The American Academy of Pediatrics recommends that all newborns receive a shot of vitamin K in the upper leg. Newborns usually have low levels of vitamin K in their bodies. This vitamin is needed for the blood to clot. Low levels of vitamin K can cause a rare but serious bleeding problem. Research shows that vitamin K shots prevent dangerous bleeding in newborns.

Newborns probably feel pain when the shot is given. But afterwards babies don’t seem to have any discomfort. Since it may be uncomfortable for the baby, you may want to postpone this shot for a little while.

Newborn Metabolic Screening

Doctors or nurses prick your baby’s heel to take a tiny sample of blood. They use this blood to test for many diseases.

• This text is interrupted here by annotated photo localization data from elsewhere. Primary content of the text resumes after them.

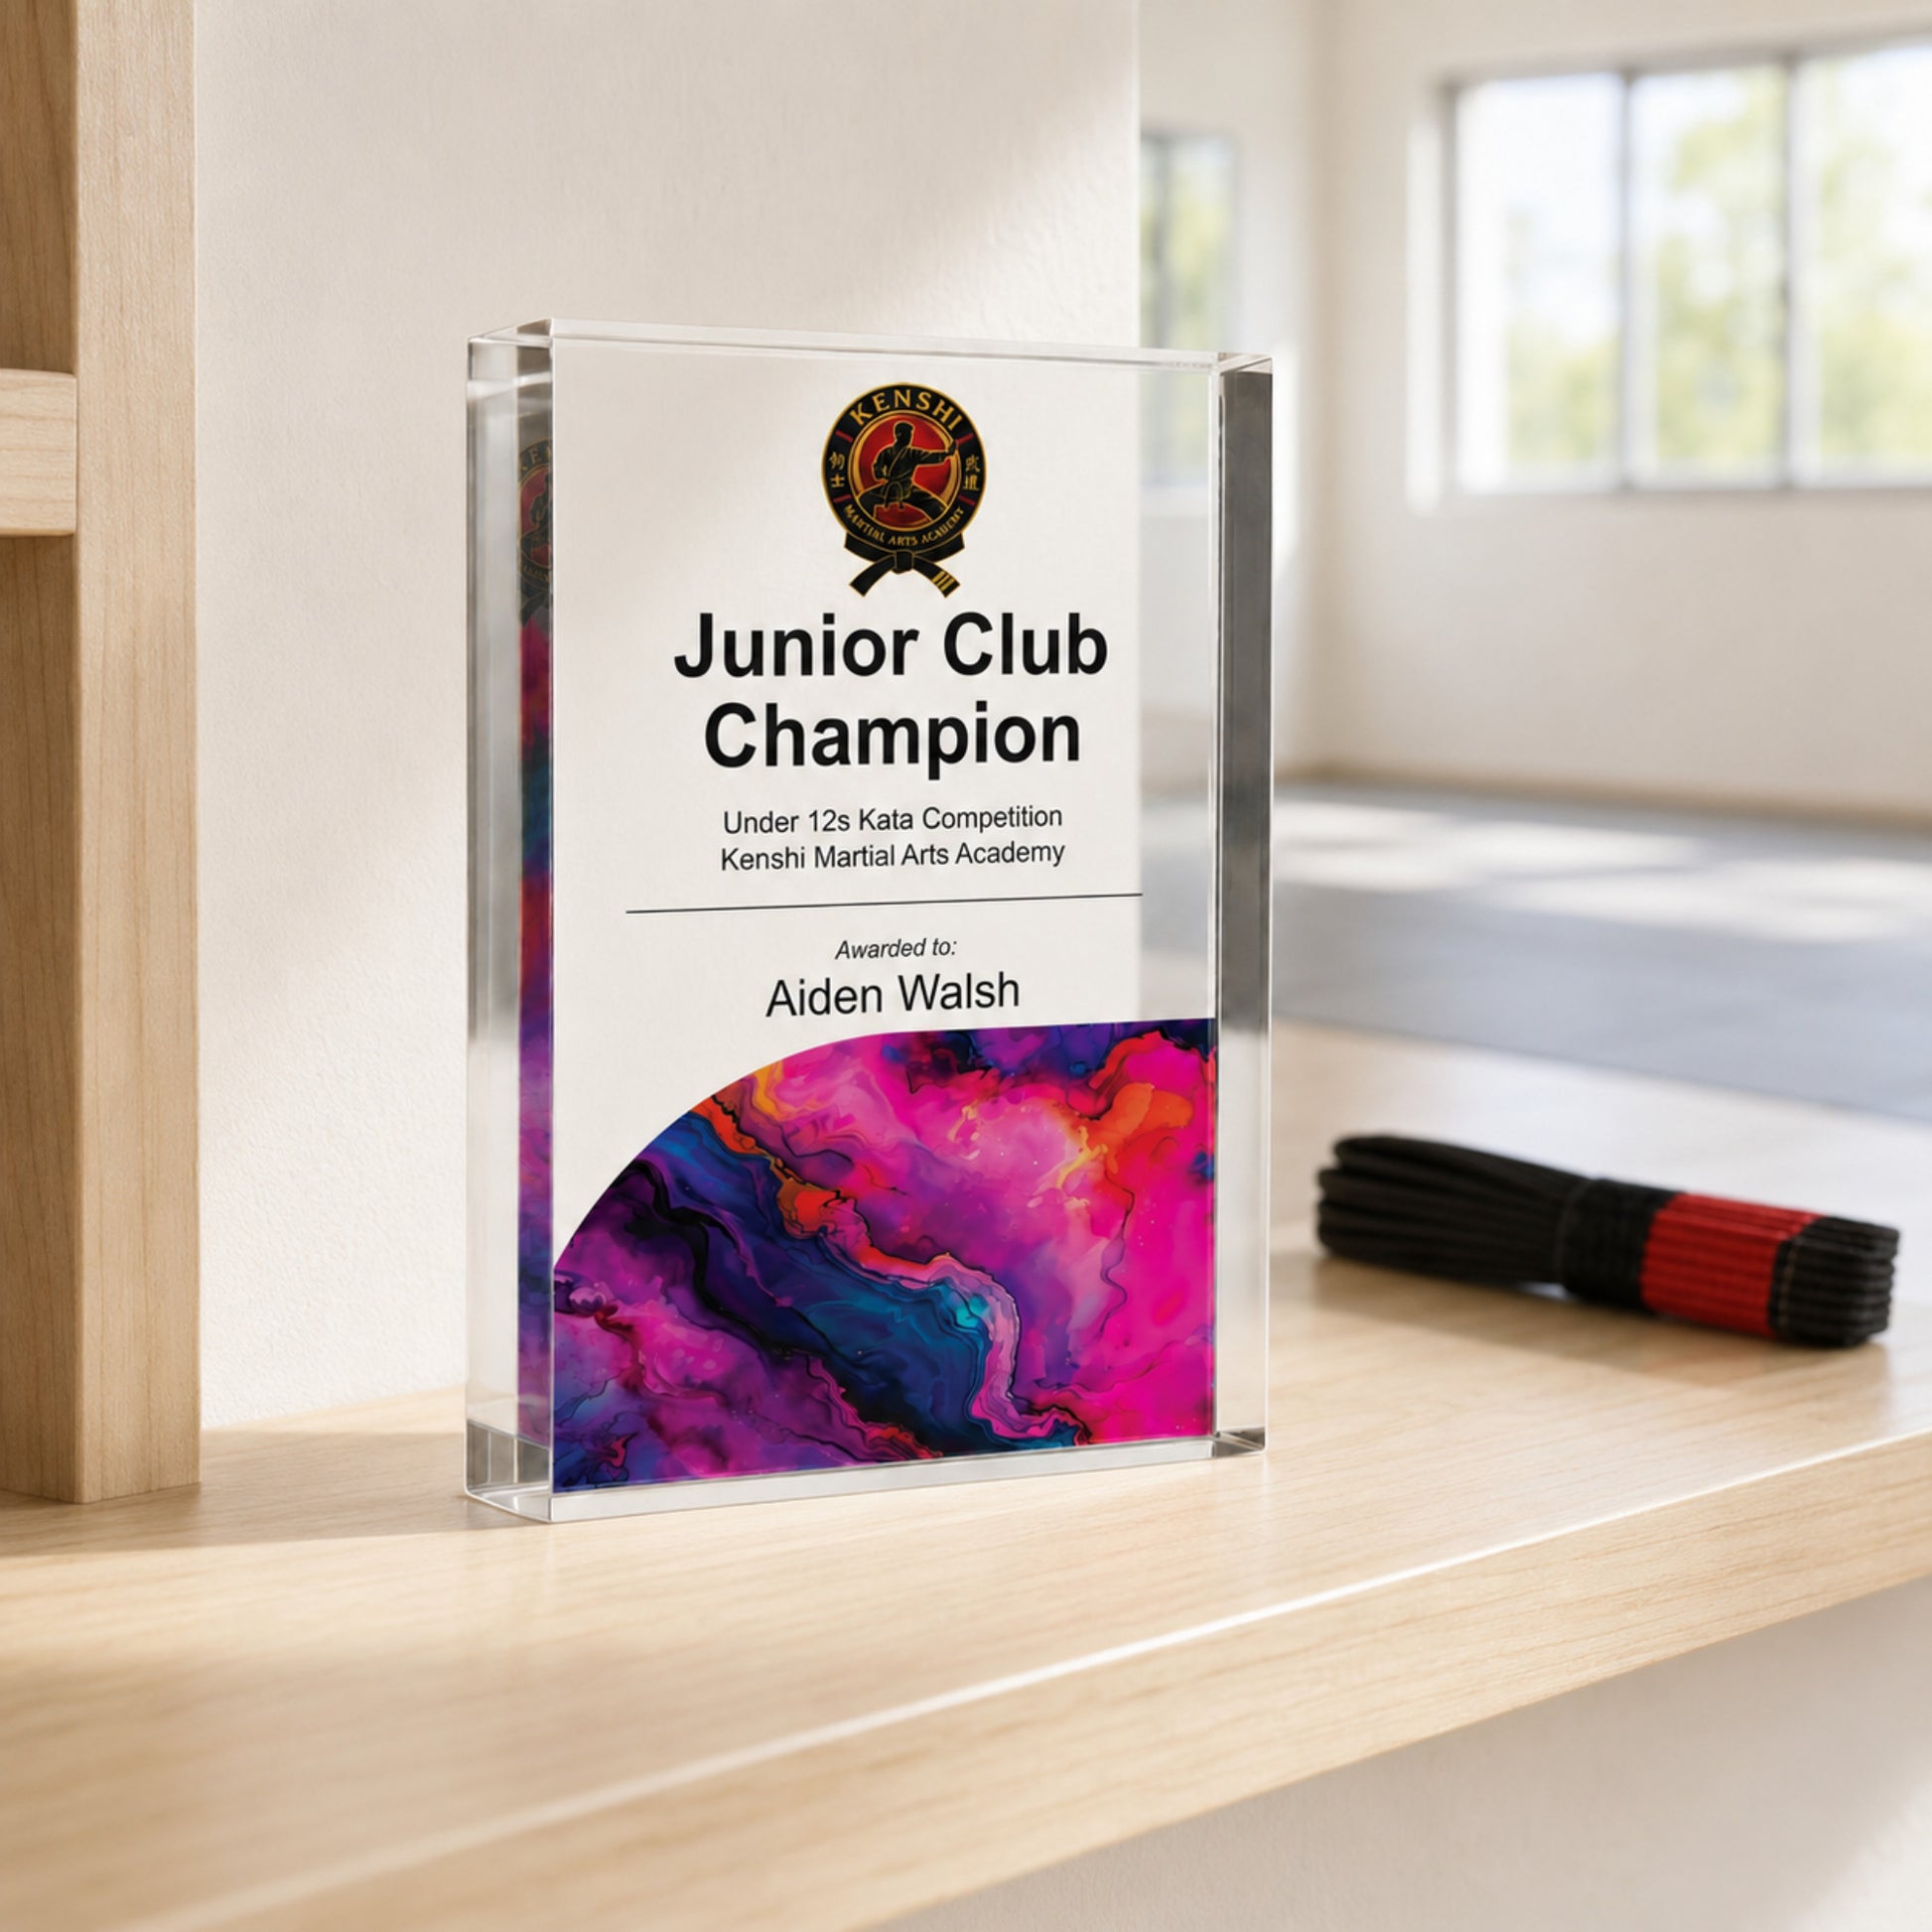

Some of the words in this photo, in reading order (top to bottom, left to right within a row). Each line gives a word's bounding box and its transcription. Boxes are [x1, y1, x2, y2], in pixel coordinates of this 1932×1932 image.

[851, 390, 962, 430] KENSHI
[888, 534, 918, 547] ARTS
[674, 613, 919, 678] Junior
[944, 612, 1107, 676] Club
[705, 700, 1079, 780] Champion
[725, 811, 799, 834] Under
[809, 809, 850, 832] 12s
[860, 808, 912, 830] Kata
[922, 805, 1061, 833] Competition
[722, 847, 804, 871] Kenshi
[815, 845, 895, 868] Martial
[901, 844, 949, 866] Arts
[955, 841, 1065, 867] Academy
[835, 938, 926, 959] Awarded
[932, 938, 956, 955] to:
[765, 978, 882, 1017] Aiden
[897, 971, 1019, 1011] Walsh
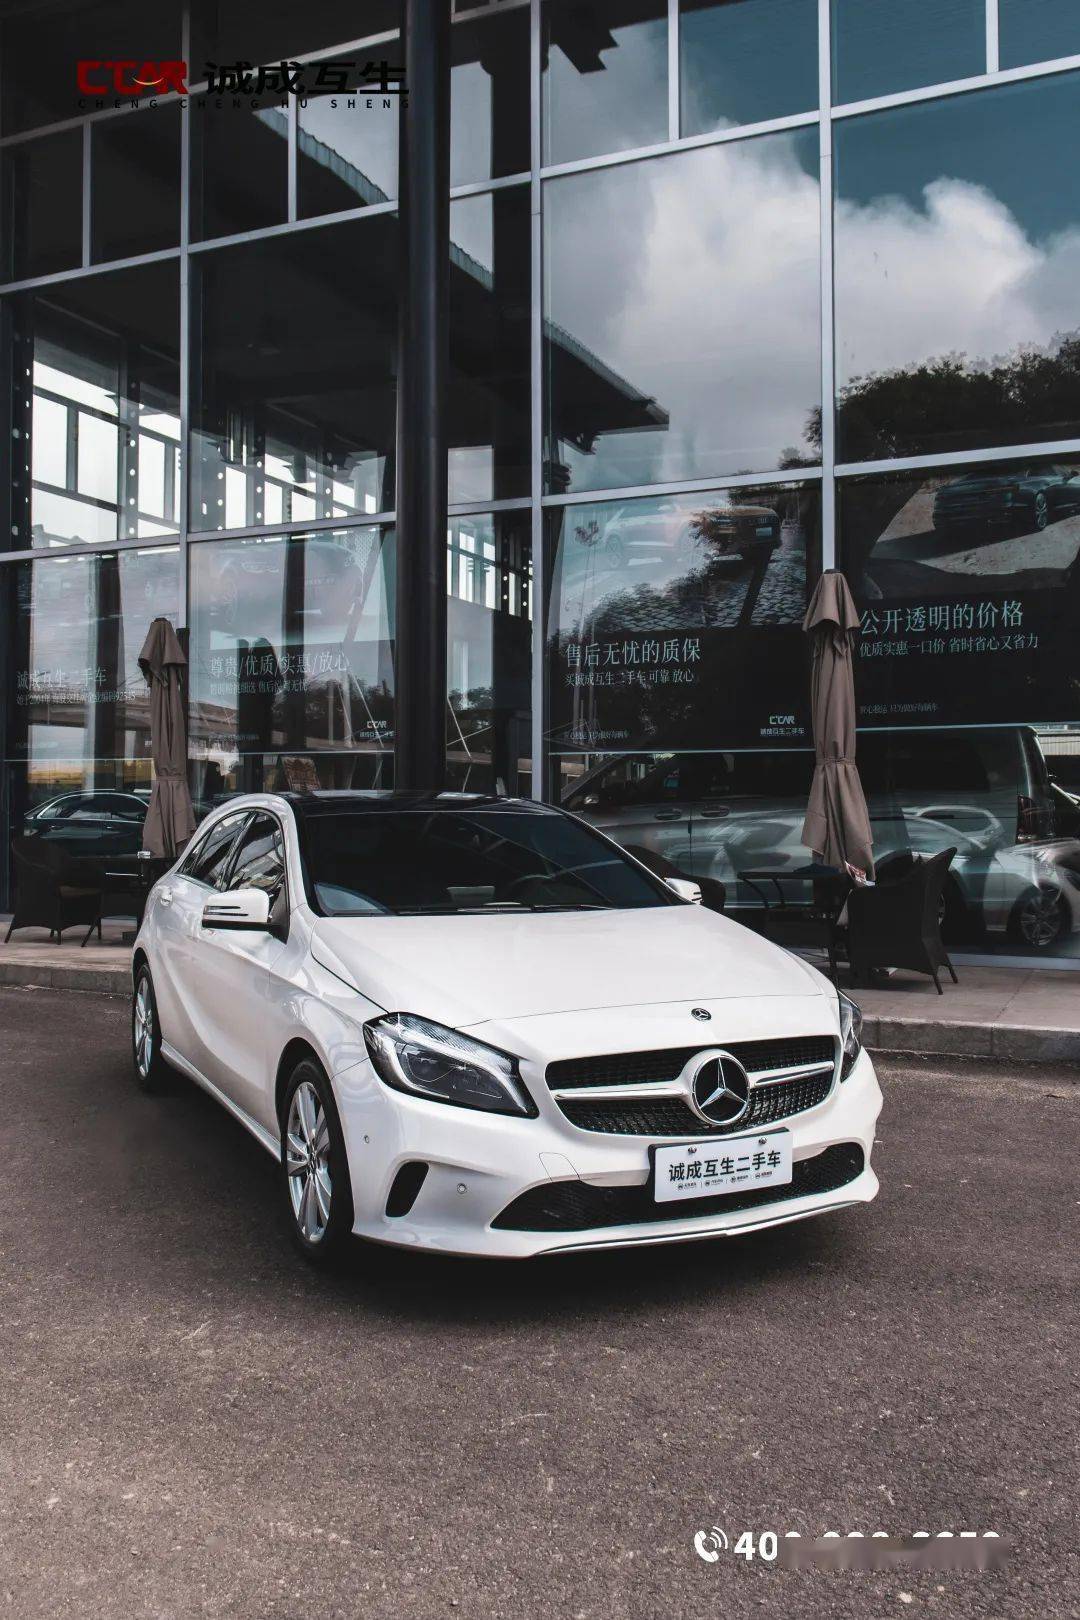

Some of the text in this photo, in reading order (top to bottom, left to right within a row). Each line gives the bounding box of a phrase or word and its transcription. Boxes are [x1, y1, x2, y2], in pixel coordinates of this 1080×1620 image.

[860, 600, 1024, 635] 公开透明的价格
[566, 637, 701, 667] 售后无忧的质保
[860, 633, 1040, 657] 优质实惠一口价 省时省心又省力
[668, 1150, 781, 1182] 诚成互生二手车
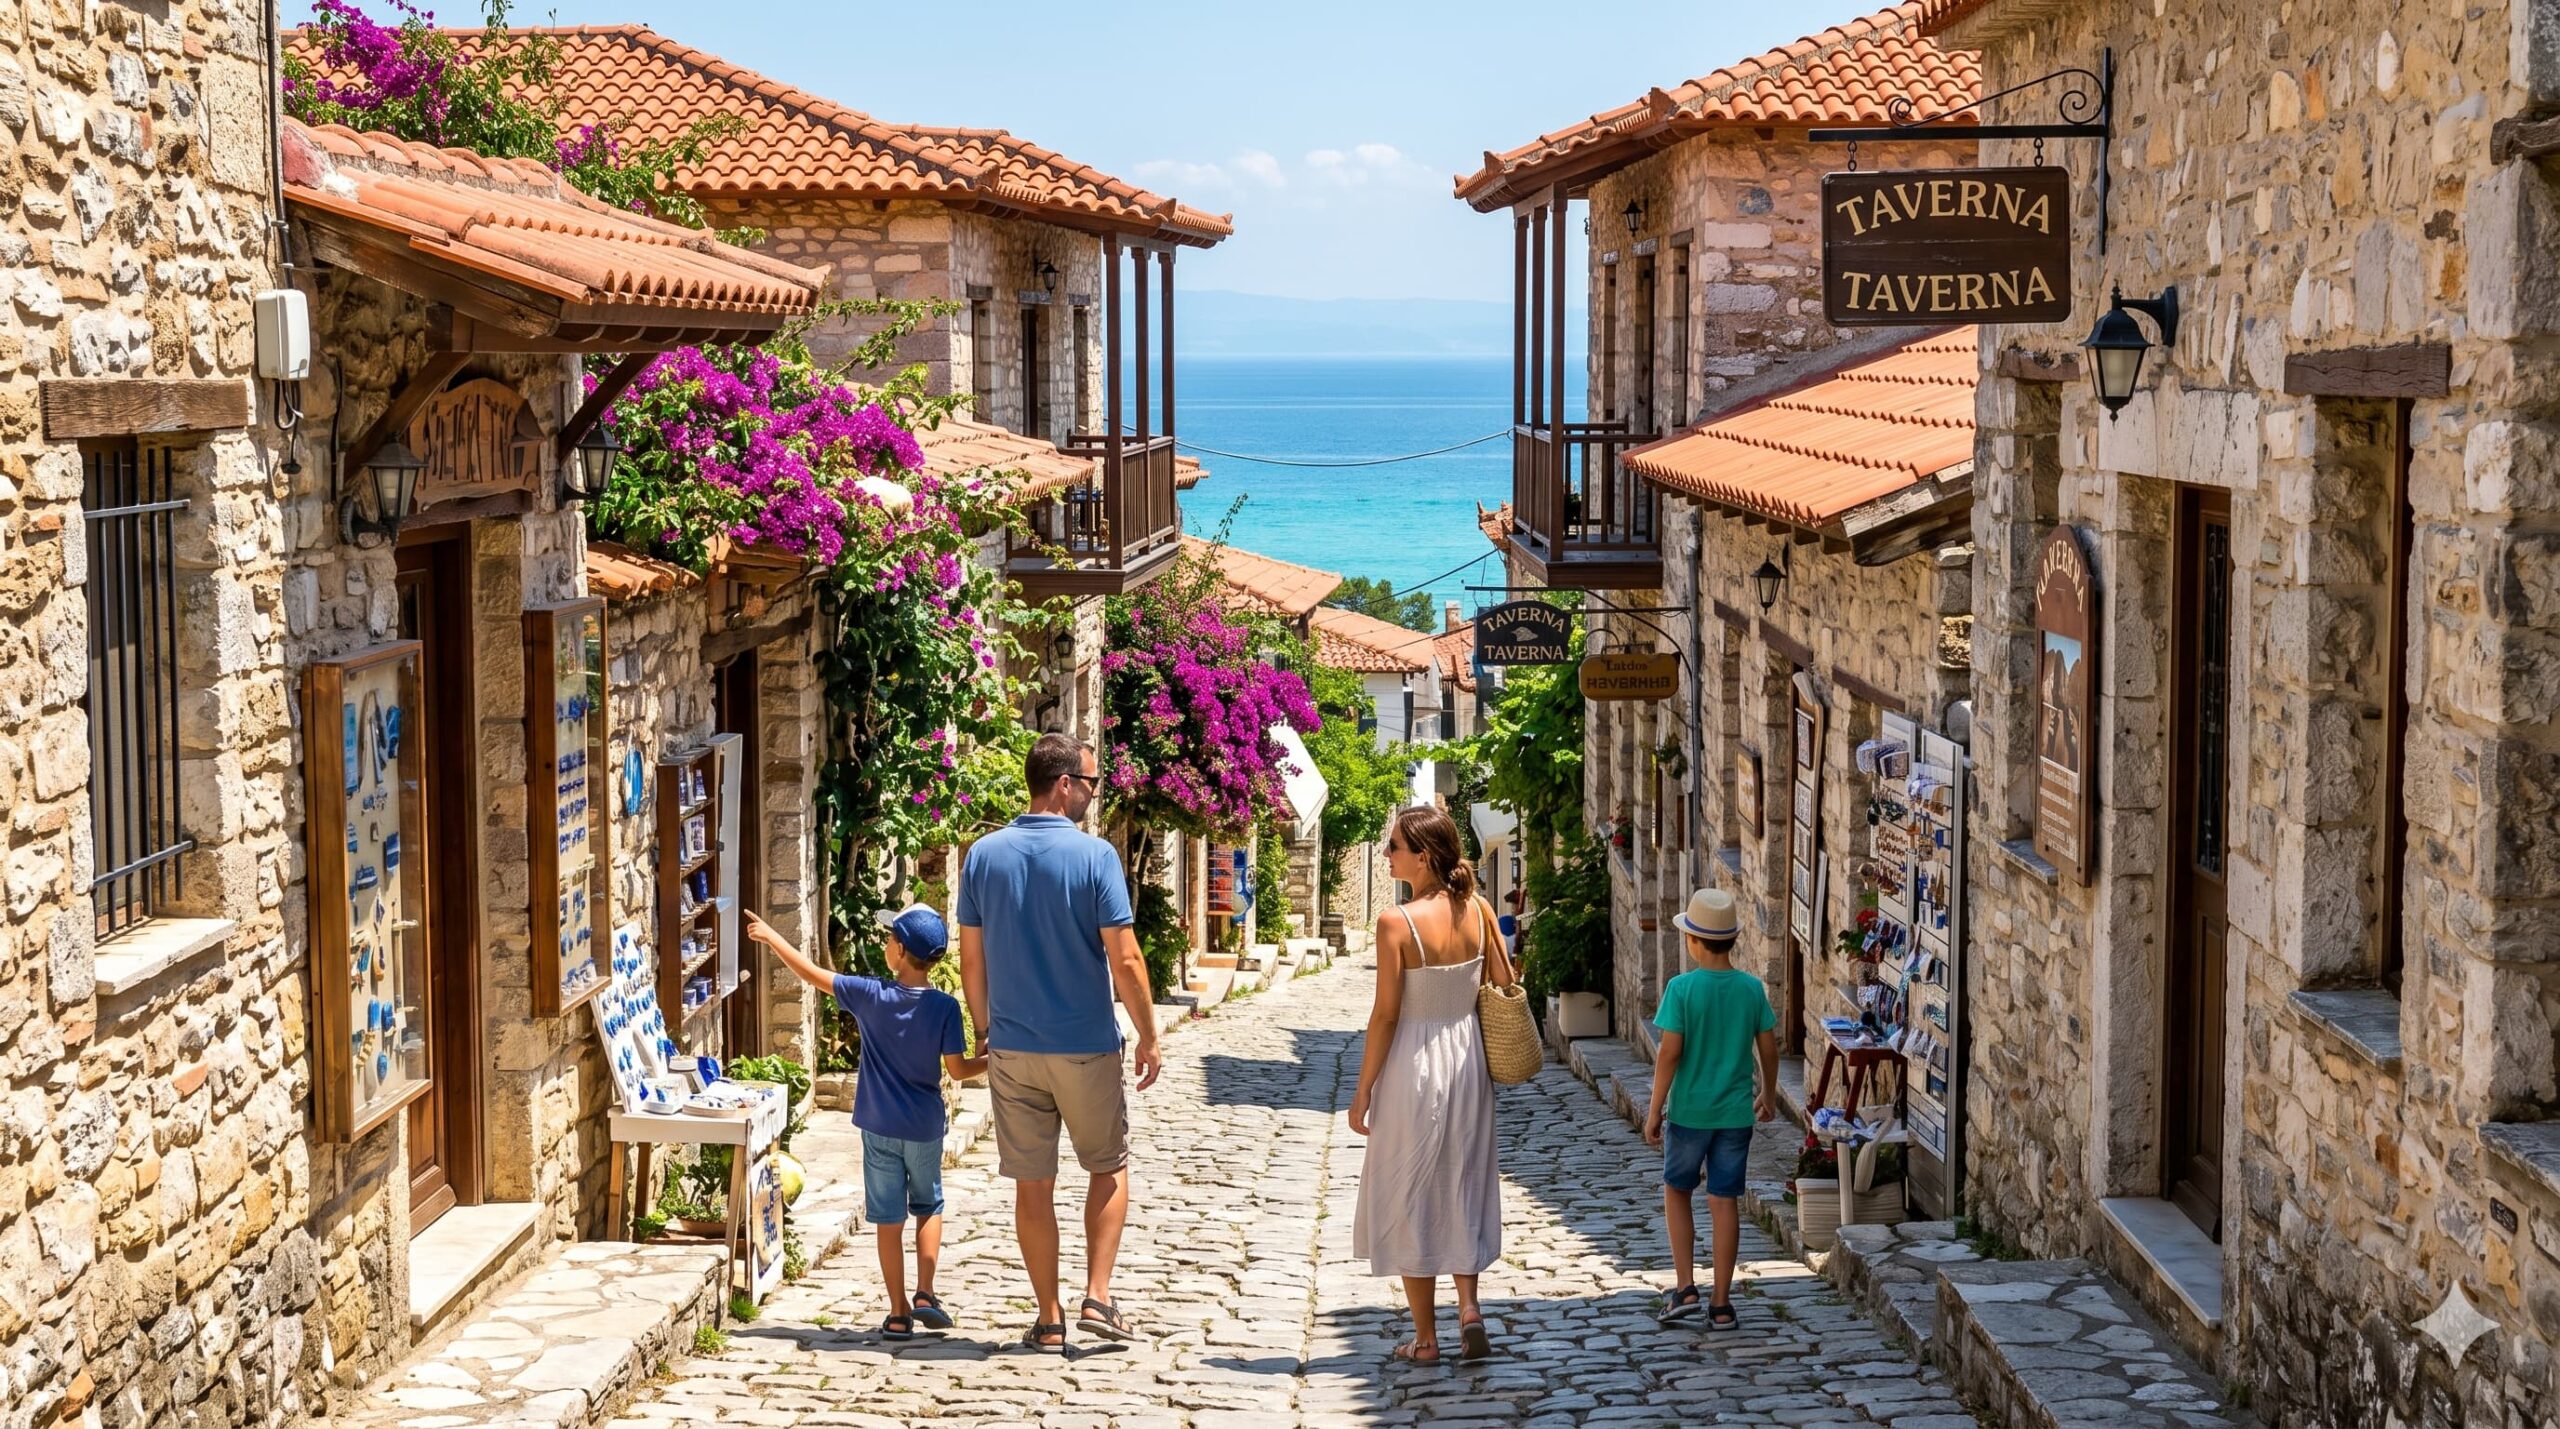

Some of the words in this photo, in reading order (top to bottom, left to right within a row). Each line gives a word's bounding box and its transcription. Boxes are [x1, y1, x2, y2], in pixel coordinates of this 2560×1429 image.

All 50 states require testing for at least two disorders: phenylketonuria and congenital hypothyroidism. But many states test for up to 30 different diseases: All of these problems are impossible to spot without a blood test. And if left untreated they can cause mental retardation and even death. The March of Dimes recommends that all newborns be tested for at least 29 diseases.

Hearing Test

Many hospitals offer newborn hearing tests. Tiny earphones or microphones are used to see how the baby reacts to sounds. Newborn hearing tests can spot hearing problems early. This can help cut the risk of serious language and speech problems.

Hepatitis B Vaccine

Most hospitals now suggest that newborns get a vaccine to protect against the hepatitis B virus (HBV). HBV can cause a lifelong infection, serious liver damage and even death.

The hepatitis B vaccine is a series of three different shots. The American Academy of Pediatrics and the Centers for Disease Control (CDC) recommend that all newborns get the first shot soon after birth or before leaving the hospital. If the mother does not have hepatitis B, the first shot can wait for 2 months. The second and last shot should be given before 18 months of age.

Complete Check-up

Soon after delivery most doctors or nurses also:

  • Measure the newborn’s weight, length, and head.
  • Take the baby’s temperature.
  • Measure his breathing and heart rates
  • Give the baby a bath and clean the umbilical cord stump.